Direktorat Jenderal Cipta Karya melaporkan progres pembangunan Gedung Kantor Gubernur, DPRD, dan Majelis Rakyat Papua (MRP) Provinsi Papua Tengah telah mencapai 36,90% per 9 Agustus 2026. Seluruh bangunan fisik ini ditargetkan tuntas pada Desember 2026.
Pengerjaan ketiga gedung berlangsung sejak 20 Oktober 2025 oleh kontraktor PT Pembangunan Perumahan–PT Abdi Bumi Cendrawasih (KSO), dengan nilai kontrak Rp355,36 miliar bersumber dari APBN.
"Pembangunan DOB perlu didukung dengan infrastruktur yang memadai. Karena itu, kolaborasi antara pemerintah pusat dan daerah penting agar pembangunan dapat berjalan sesuai kebutuhan dan mendukung pelayanan kepada masyarakat," kata Menteri PU Dody.
Selain gedung utama, Kementerian PU turut menyiapkan penataan kawasan yang mencakup gerbang kawasan, Gerbang Hiu Paus, Taman Kota Cenderawasih, ruang terbuka hijau, alun-alun, prasarana pendukung right of way (ROW), gedung pendukung, fasilitas pemadam kebakaran, serta pekerjaan plambing dan elektrikal. Pekerjaan yang dimulai Desember 2025 ini progresnya kini 25,34%, mencakup penimbunan saluran eksisting, pengecoran box culvert, pondasi dan struktur Pos Pemadam Kebakaran, dan pengujian sand cone, dengan target rampung Desember 2026.

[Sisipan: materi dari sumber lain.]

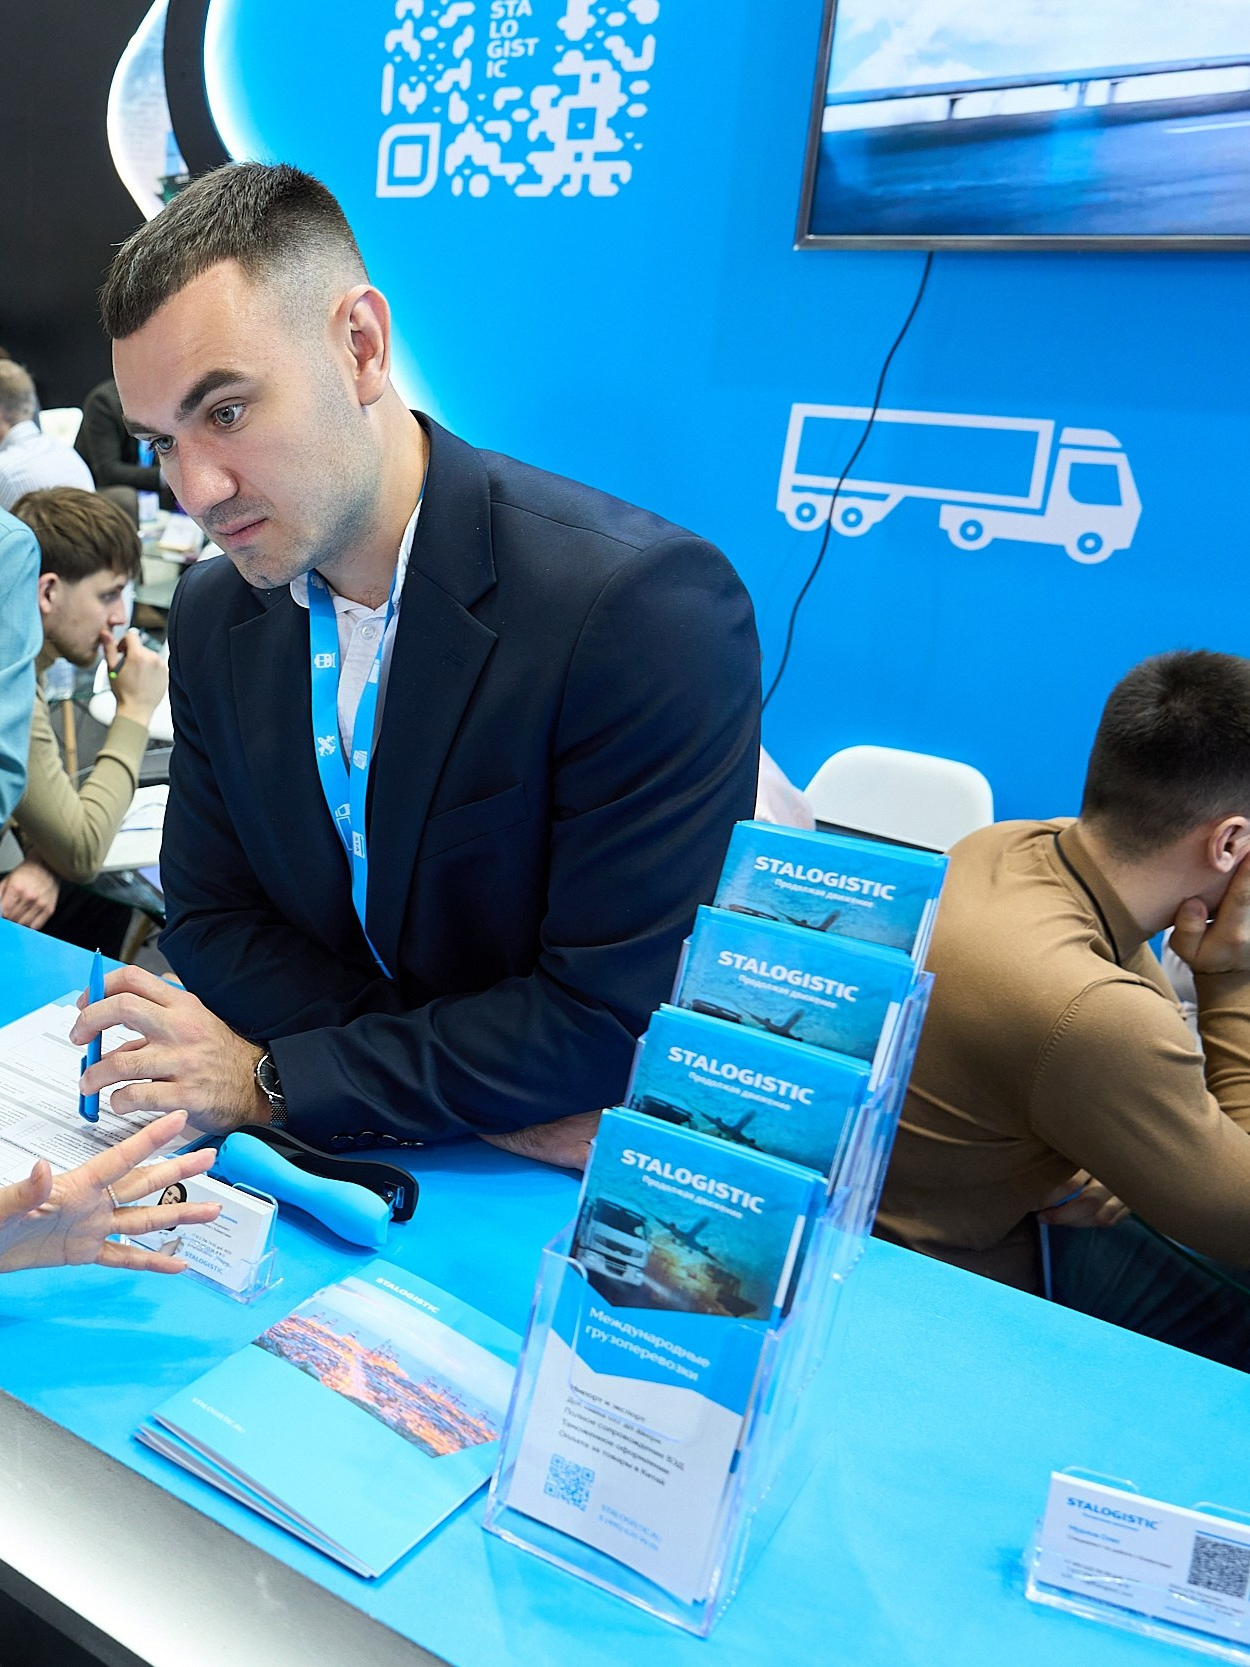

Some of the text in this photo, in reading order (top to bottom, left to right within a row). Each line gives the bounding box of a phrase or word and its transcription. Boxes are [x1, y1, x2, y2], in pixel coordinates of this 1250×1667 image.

[490, 0, 532, 19] STA
[490, 19, 519, 39] LO
[487, 37, 540, 59] GIST
[486, 59, 508, 78] IC
[753, 856, 897, 901] STALOGISTIC
[717, 950, 860, 1003] STALOGISTIC
[667, 1046, 815, 1106] STALOGISTIC
[620, 1149, 766, 1215] STALOGISTIC
[185, 1251, 223, 1275] STALOGISTIC
[375, 1277, 440, 1314] STALOGISTIC
[585, 1325, 699, 1381] грузоперевозки
[590, 1307, 710, 1367] Международные
[1066, 1497, 1159, 1531] STALOGISTIC

Dari sisi akses, kawasan ini berjarak sekitar 15,5 kilometer dari Bandar Udara Douw Aturure dengan waktu tempuh sekitar 30 menit, dan sekitar 28,5 kilometer dari pusat Kabupaten Nabire dengan waktu tempuh sekitar 60 menit.
Rangkaian pembangunan ini juga sejalan dengan kebijakan Presiden Prabowo Subianto yang menjadikan pemerataan pembangunan dan penguatan wilayah Papua sebagai bagian penting mewujudkan pembangunan nasional yang inklusif.